Pandas Getting started

# Pandas Getting started ###### tags: `learn` `AI` `course` ``` import pandas as pd ``` DataFrame A DataFrame is a table. It contains an array of individual entries, each of which has a certain value. Each entry corresponds to a row (or record) and a column. ``` pd.DataFrame({'Yes': [50, 21], 'No': [131, 2]}) ``` ![](https://i.imgur.com/qZXHZsw.png) The dictionary-list constructor assigns values to the column labels, but just uses an ascending count from 0 (0, 1, 2, 3, ...) for the row labels. Sometimes this is OK, but oftentimes we will want to assign these labels ourselves. The list of row labels used in a DataFrame is known as an Index.
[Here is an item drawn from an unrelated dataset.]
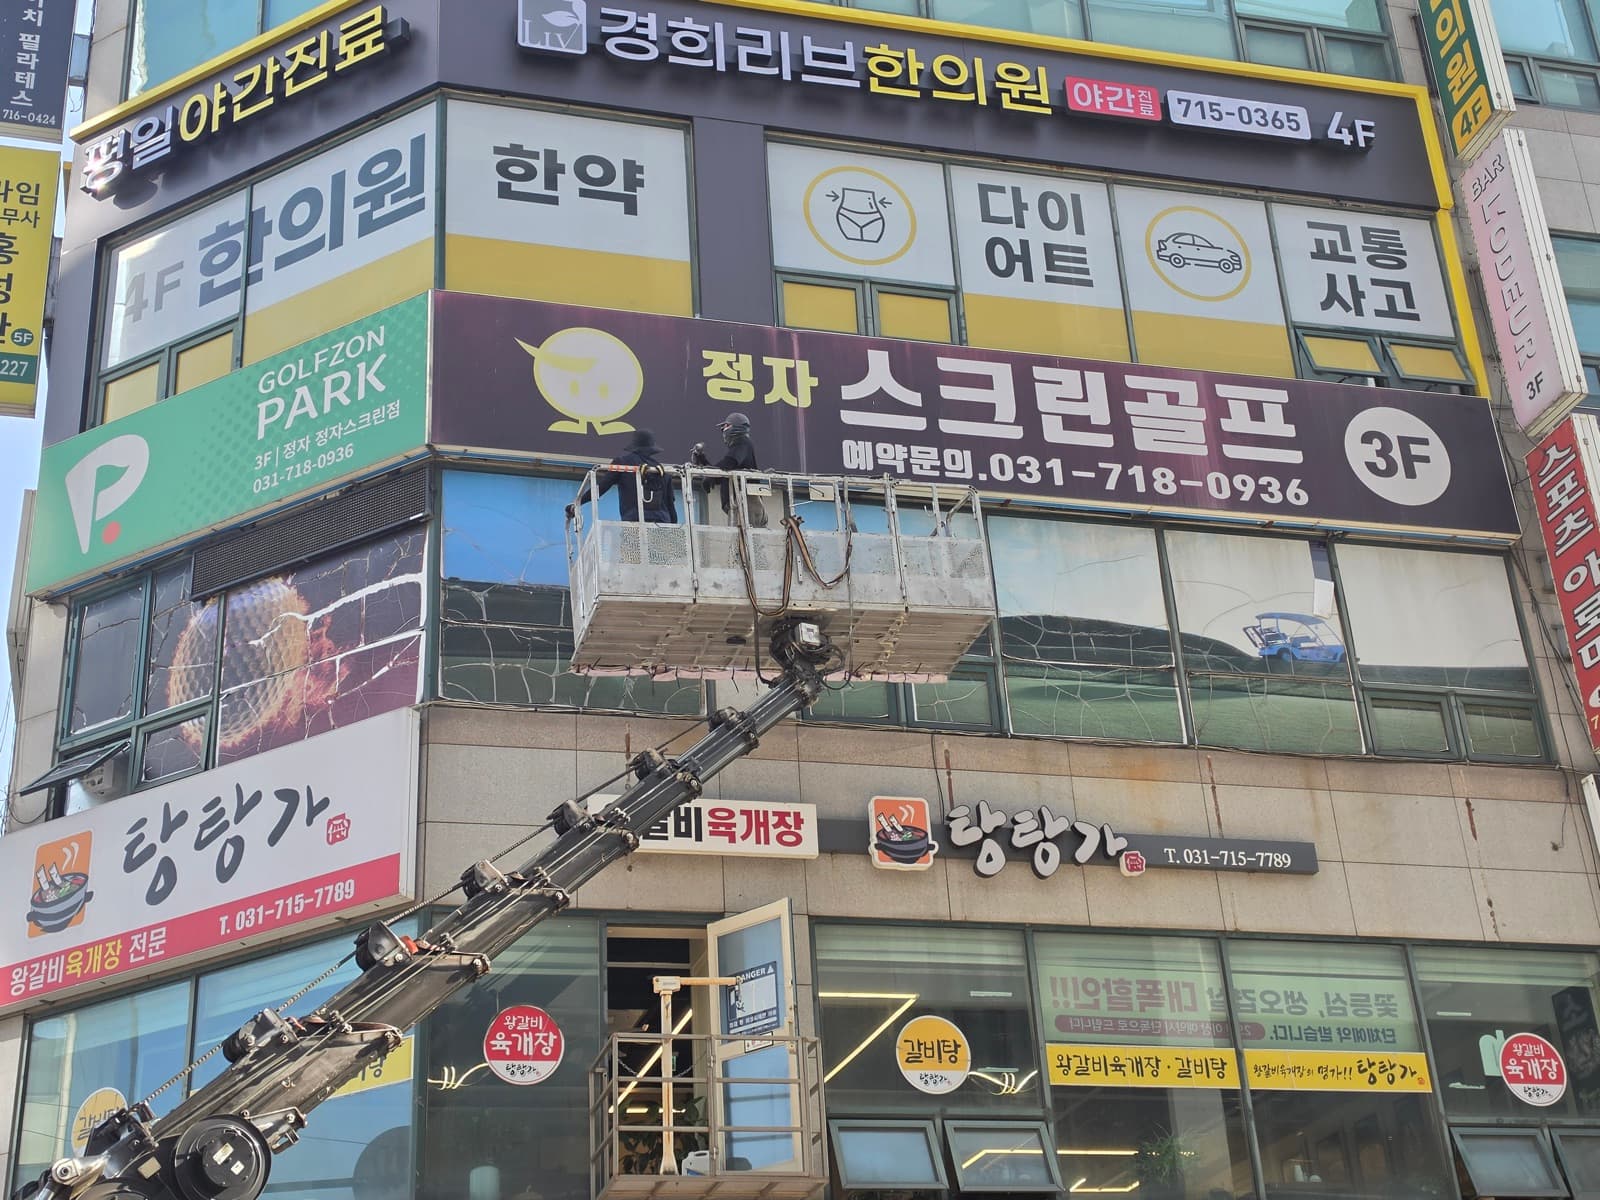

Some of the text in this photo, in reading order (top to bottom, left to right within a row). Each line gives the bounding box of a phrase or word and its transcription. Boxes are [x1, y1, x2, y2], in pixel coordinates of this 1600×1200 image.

We can assign values to it by using an index parameter in our constructor: ``` pd.DataFrame({'Bob': ['I liked it.', 'It was awful.'], 'Sue': ['Pretty good.', 'Bland.']}, index=['Product A', 'Product B']) ``` ![](https://i.imgur.com/BKDNyuH.png) Series A Series, by contrast, is a sequence of data values. If a DataFrame is a table, a Series is a list. And in fact you can create one with nothing more than a list: ``` pd.Series([1, 2, 3, 4, 5]) ``` Reading data files ``` wine_reviews = pd.read_csv("../input/wine-reviews/winemag-data-130k-v2.csv") ``` We can use the shape attribute to check how large the resulting DataFrame is: ``` wine_reviews.shape ``` ![](https://i.imgur.com/G81xOXe.png) The pd.read_csv() function is well-endowed, with over 30 optional parameters you can specify. For example, you can see in this dataset that the CSV file has a built-in index, which pandas did not pick up on automatically. To make pandas use that column for the index (instead of creating a new one from scratch), we can specify an index_col. ``` wine_reviews = pd.read_csv("../input/wine-reviews/winemag-data-130k-v2.csv", index_col=0) wine_reviews.head() ``` ![](https://i.imgur.com/rcLCrSY.png)